[Text-to-region grounding data]
----

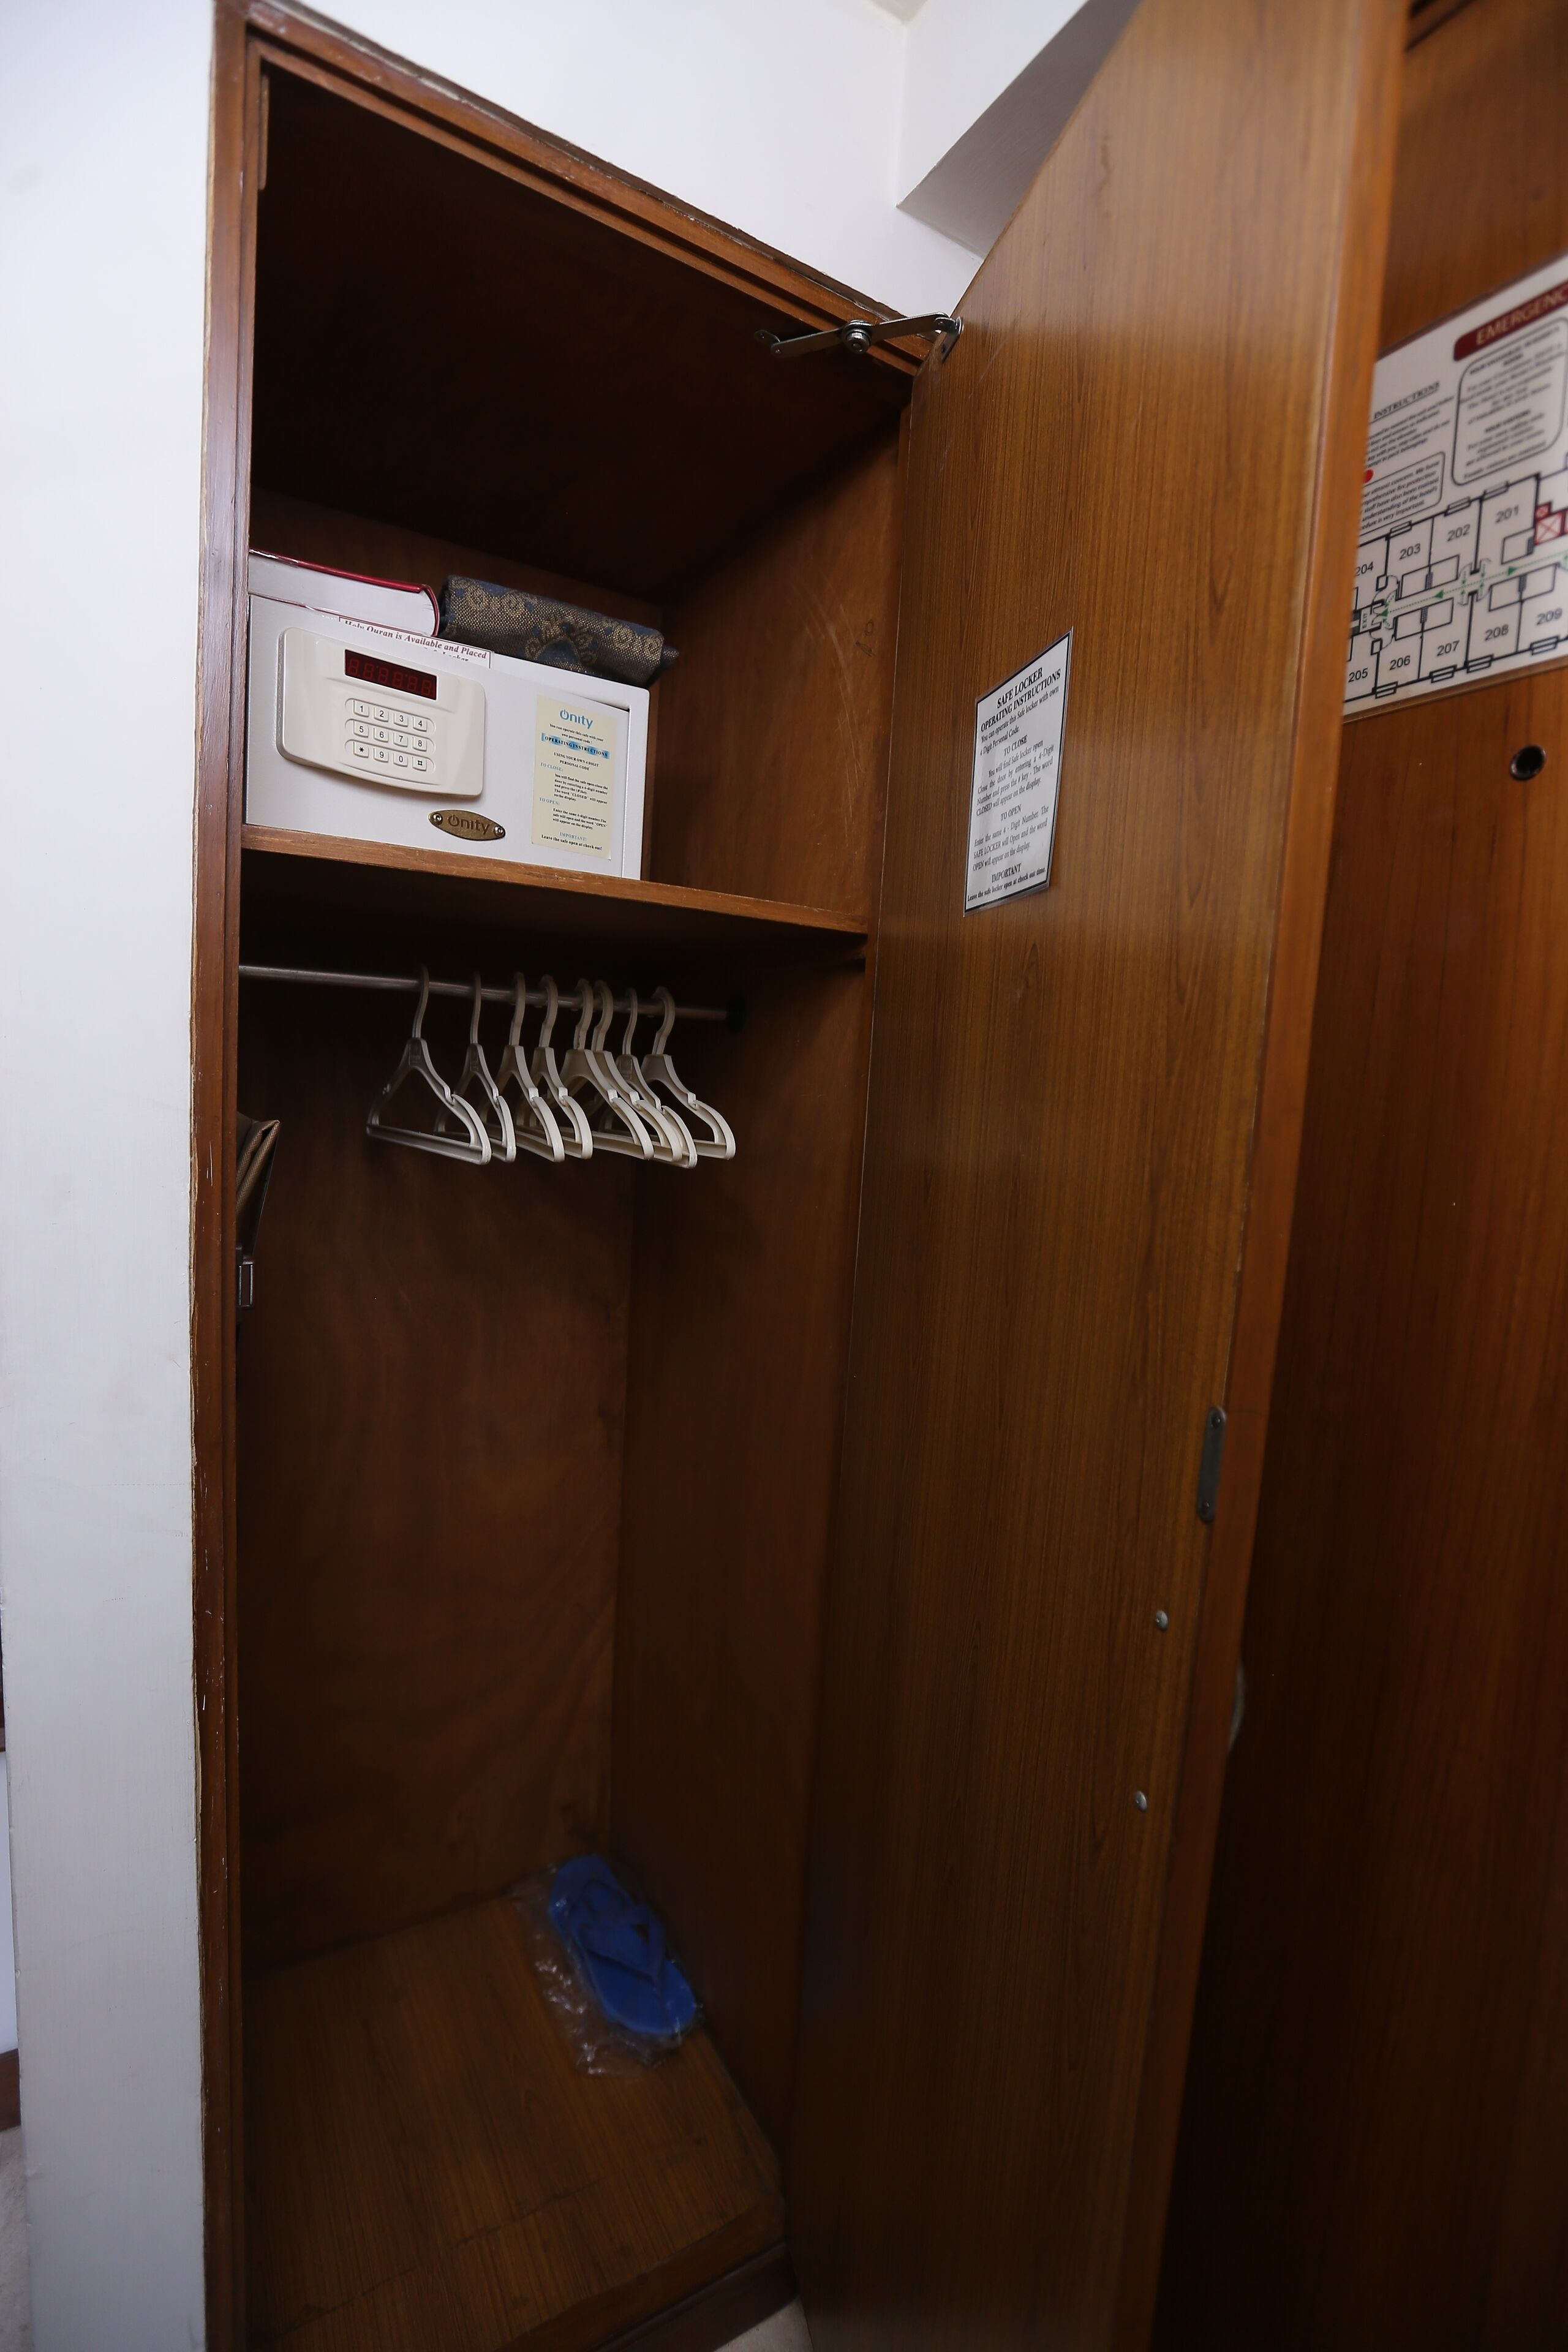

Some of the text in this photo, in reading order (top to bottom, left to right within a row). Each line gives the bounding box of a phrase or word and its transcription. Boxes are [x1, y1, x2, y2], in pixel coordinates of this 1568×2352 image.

[1374, 381, 1440, 418] INSTRUCTIONS
[1495, 505, 1520, 523] 201
[1447, 524, 1471, 541] 202
[1399, 543, 1421, 559] 203
[1355, 562, 1373, 576] 204
[1536, 608, 1563, 625] 209
[1485, 625, 1509, 641] 208
[404, 635, 442, 649] Available
[461, 647, 487, 659] Placed
[1437, 640, 1460, 656] 207
[1389, 655, 1411, 670] 206
[1348, 668, 1368, 682] 205
[997, 667, 1042, 709] SAFE LOCKER
[981, 669, 1060, 732] OPERATING INSTRUCTIONS
[560, 709, 593, 729] Onity
[995, 720, 1009, 736] operate
[1026, 699, 1038, 714] locker
[1039, 691, 1049, 704] with
[1049, 686, 1059, 697] own
[545, 736, 608, 757] OPERATING INSTRUCTIONS
[983, 743, 992, 755] Digit
[993, 731, 1008, 748] Personal
[1004, 734, 1027, 756] TO CLOSE
[1020, 746, 1032, 759] locker
[1033, 740, 1043, 752] open
[978, 784, 988, 794] Close
[997, 774, 1006, 783] door
[1008, 769, 1014, 778] by
[1015, 759, 1031, 774] entering
[978, 793, 992, 805] Number
[1000, 783, 1010, 795] press
[1042, 756, 1053, 769] word
[976, 802, 992, 816] CLOSED
[1000, 793, 1012, 805] appear
[1001, 804, 1022, 821] TO OPEN
[447, 814, 491, 835] Onity
[974, 837, 984, 846] Enter
[992, 829, 1002, 839] same
[1011, 820, 1020, 831] Digit
[974, 848, 984, 859] SAFE
[984, 841, 1001, 855] LOCKER
[1009, 833, 1020, 845] Open
[1037, 818, 1047, 830] word
[973, 860, 984, 872] OPEN
[992, 854, 1004, 865] appear
[992, 863, 1021, 883] IMPORTANT
[992, 884, 1003, 892] locker
[1003, 881, 1012, 890] open
[1018, 873, 1028, 883] check
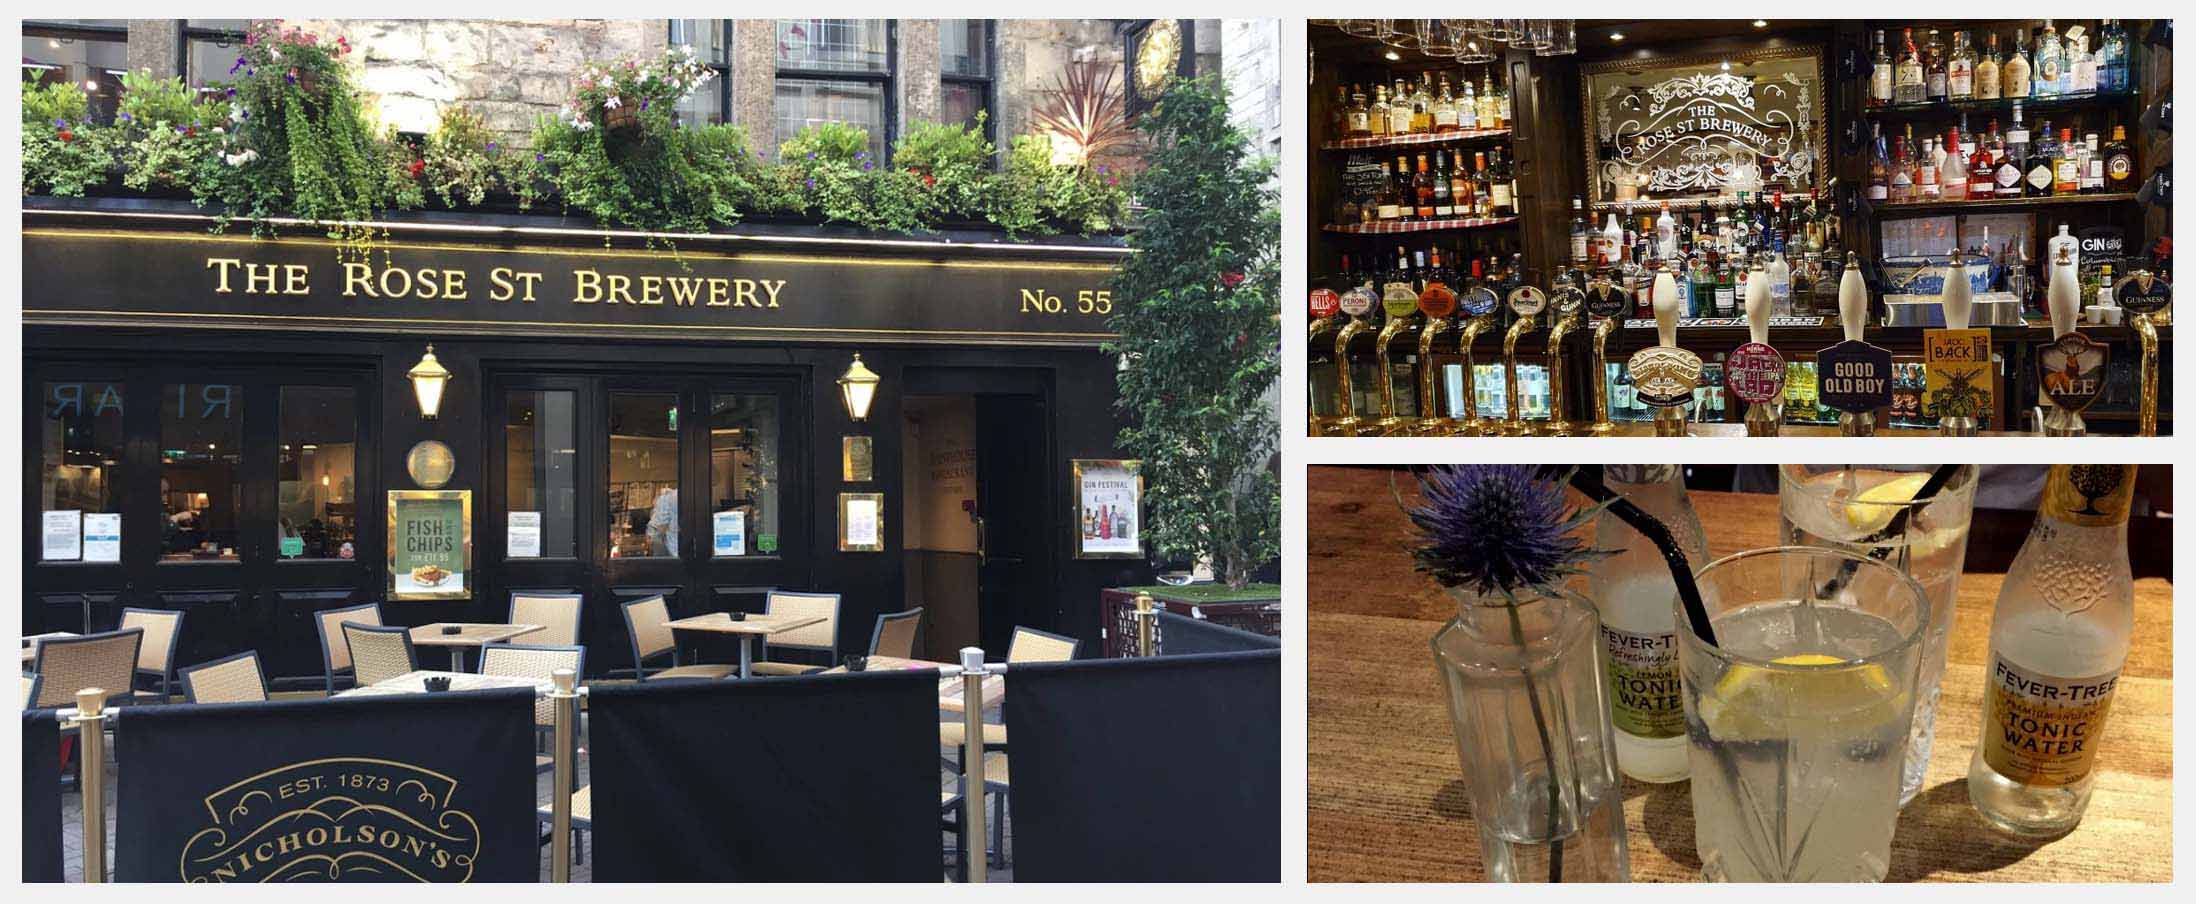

----

Every line holding the string "OPERATING" should be copied here, so please find those lines in the data.

[981, 669, 1060, 732] OPERATING INSTRUCTIONS
[545, 736, 608, 757] OPERATING INSTRUCTIONS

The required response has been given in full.